▶ Task brief: Output, word for word, the line that contains "this 1333×1000 image." and all lines following it to the end of the listing. Drop the pictures.

▶ Listed entries:
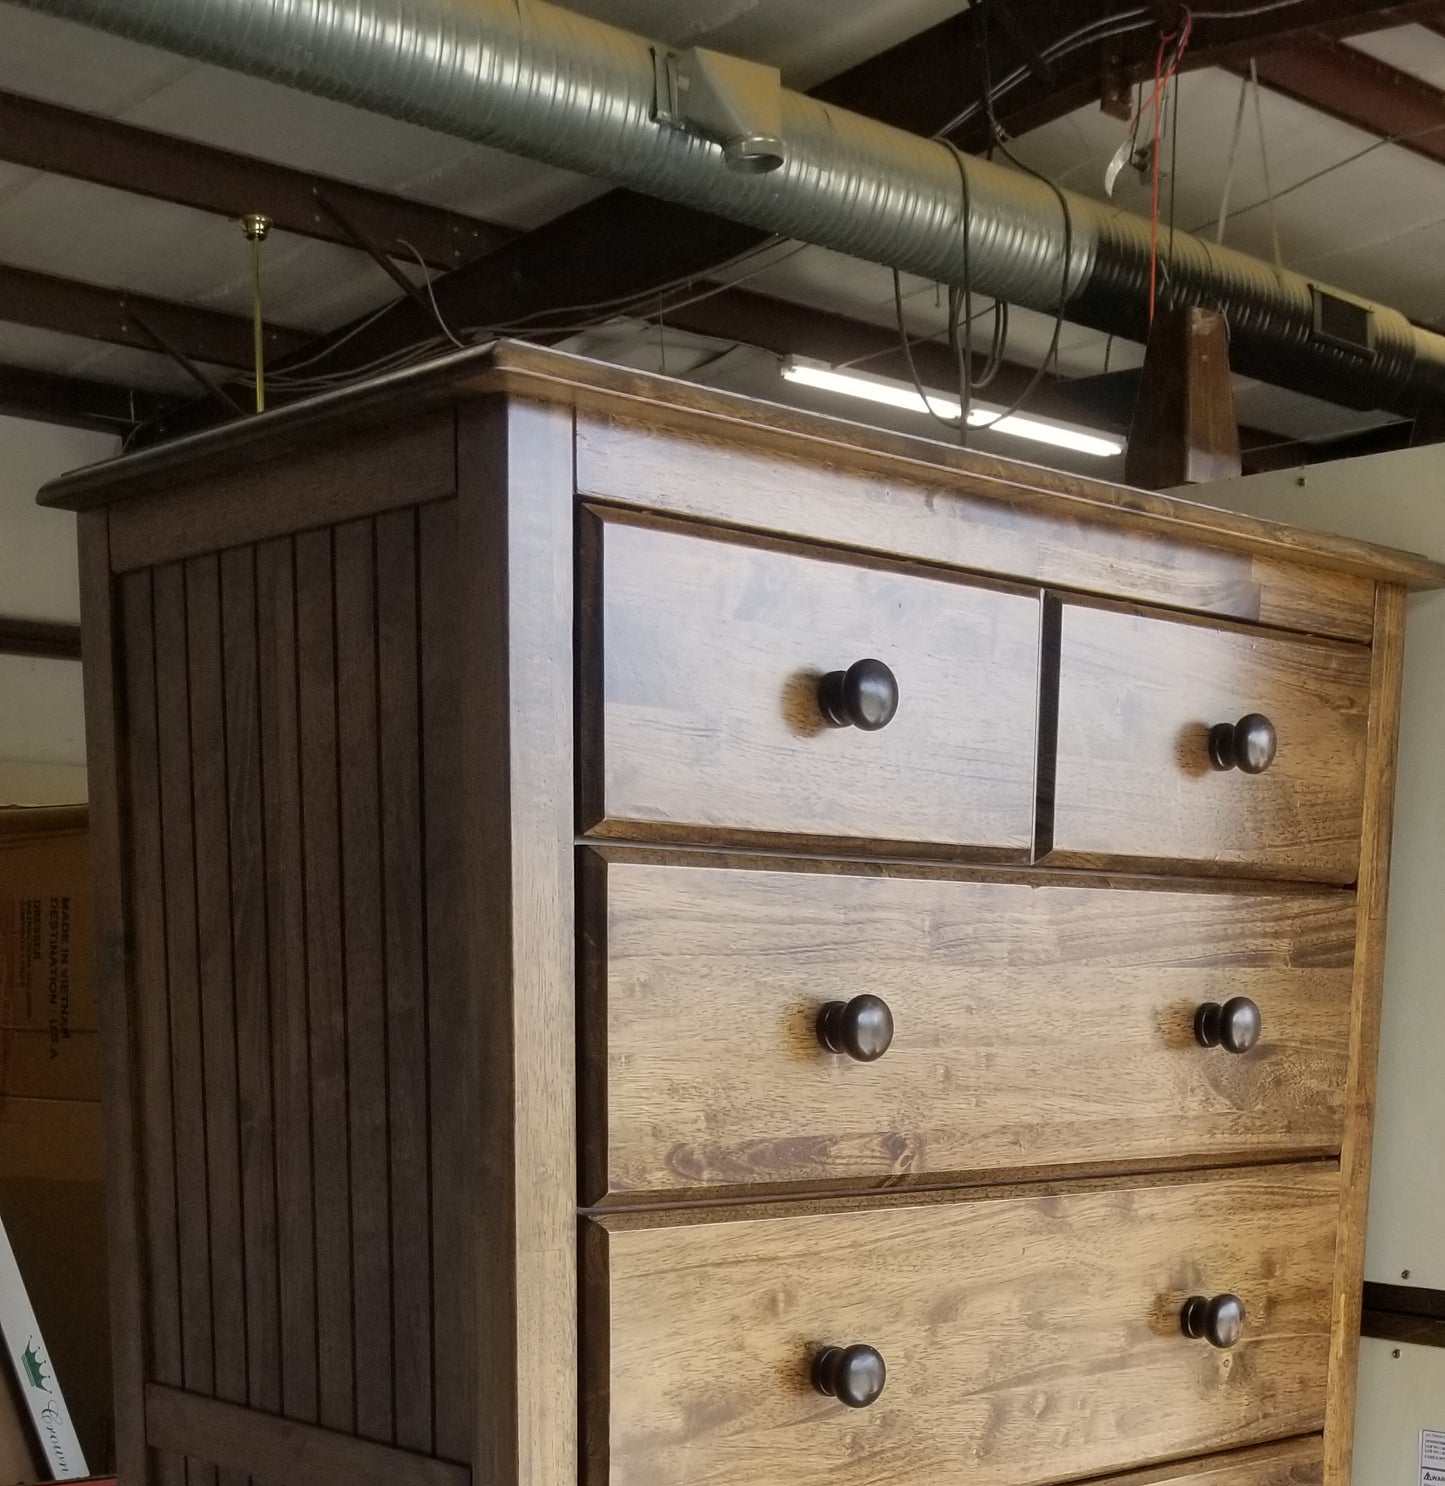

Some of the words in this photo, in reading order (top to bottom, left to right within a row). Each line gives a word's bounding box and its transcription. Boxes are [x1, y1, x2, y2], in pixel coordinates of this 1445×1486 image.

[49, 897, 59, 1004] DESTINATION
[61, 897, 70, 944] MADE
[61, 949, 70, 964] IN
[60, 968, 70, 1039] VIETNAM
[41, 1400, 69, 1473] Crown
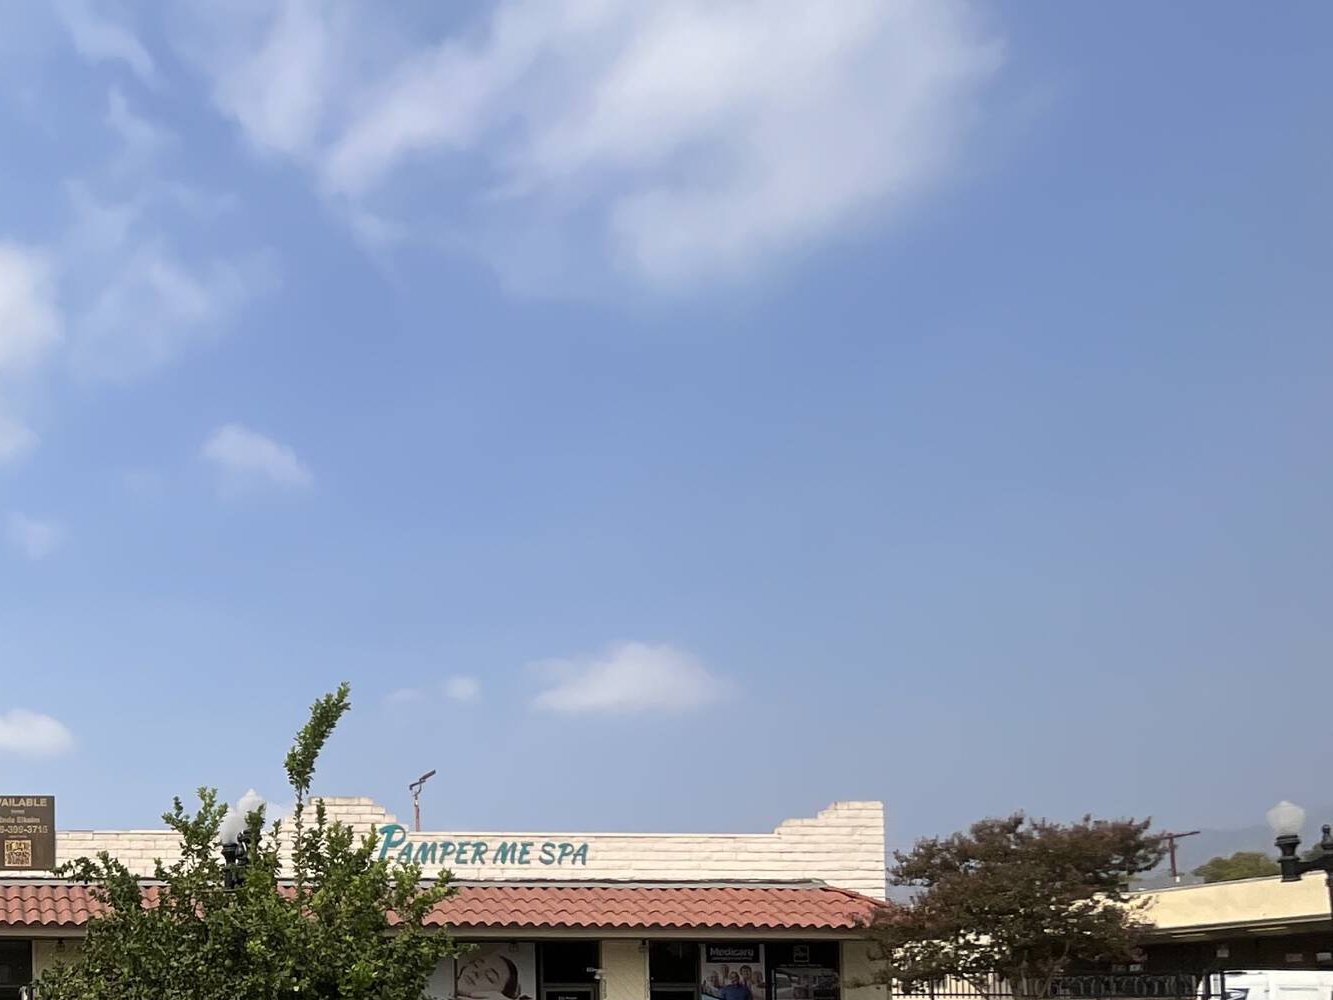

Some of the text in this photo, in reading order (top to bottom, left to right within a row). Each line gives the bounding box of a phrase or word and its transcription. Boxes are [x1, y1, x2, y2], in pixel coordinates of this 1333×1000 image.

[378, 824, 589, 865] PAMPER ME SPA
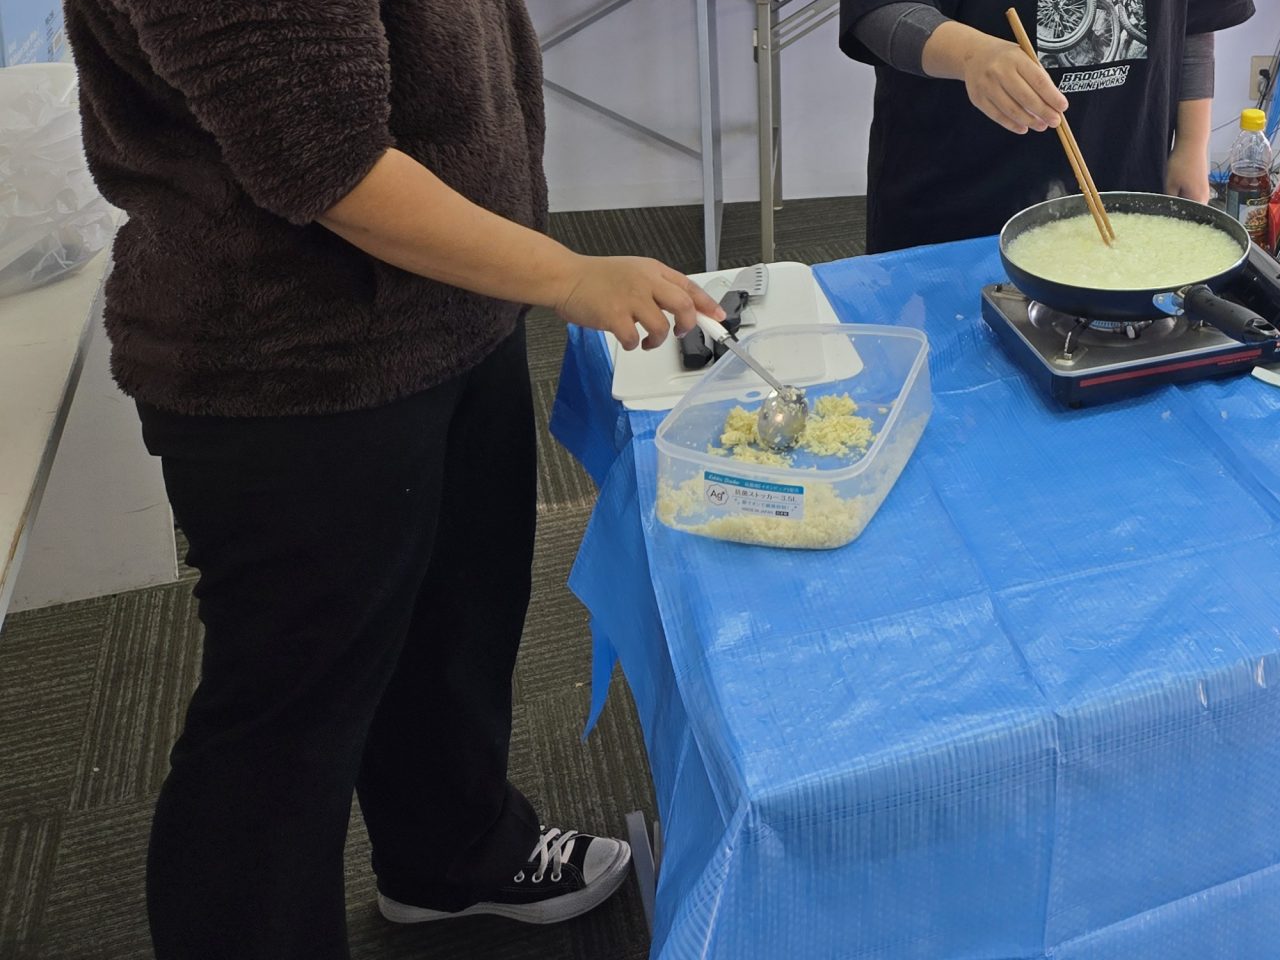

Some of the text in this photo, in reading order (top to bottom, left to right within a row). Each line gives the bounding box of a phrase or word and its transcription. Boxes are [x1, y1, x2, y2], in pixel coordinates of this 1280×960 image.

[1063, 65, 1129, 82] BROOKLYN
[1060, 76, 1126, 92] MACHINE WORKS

▶ Written solution:
Some of the text in this photo, in reading order (top to bottom, left to right within a row). Each line gives the bounding box of a phrase or word and its transcription. Boxes are [x1, y1, x2, y2], in pixel coordinates of this 1333×1000 image.

[378, 824, 589, 865] PAMPER ME SPA

Some of the text in this photo, in reading order (top to bottom, left to right within a row). Each line gives the bounding box of a phrase or word and its transcription. Boxes are [x1, y1, x2, y2], in pixel coordinates of this 1280×960 image.

[1063, 65, 1129, 82] BROOKLYN
[1060, 76, 1126, 92] MACHINE WORKS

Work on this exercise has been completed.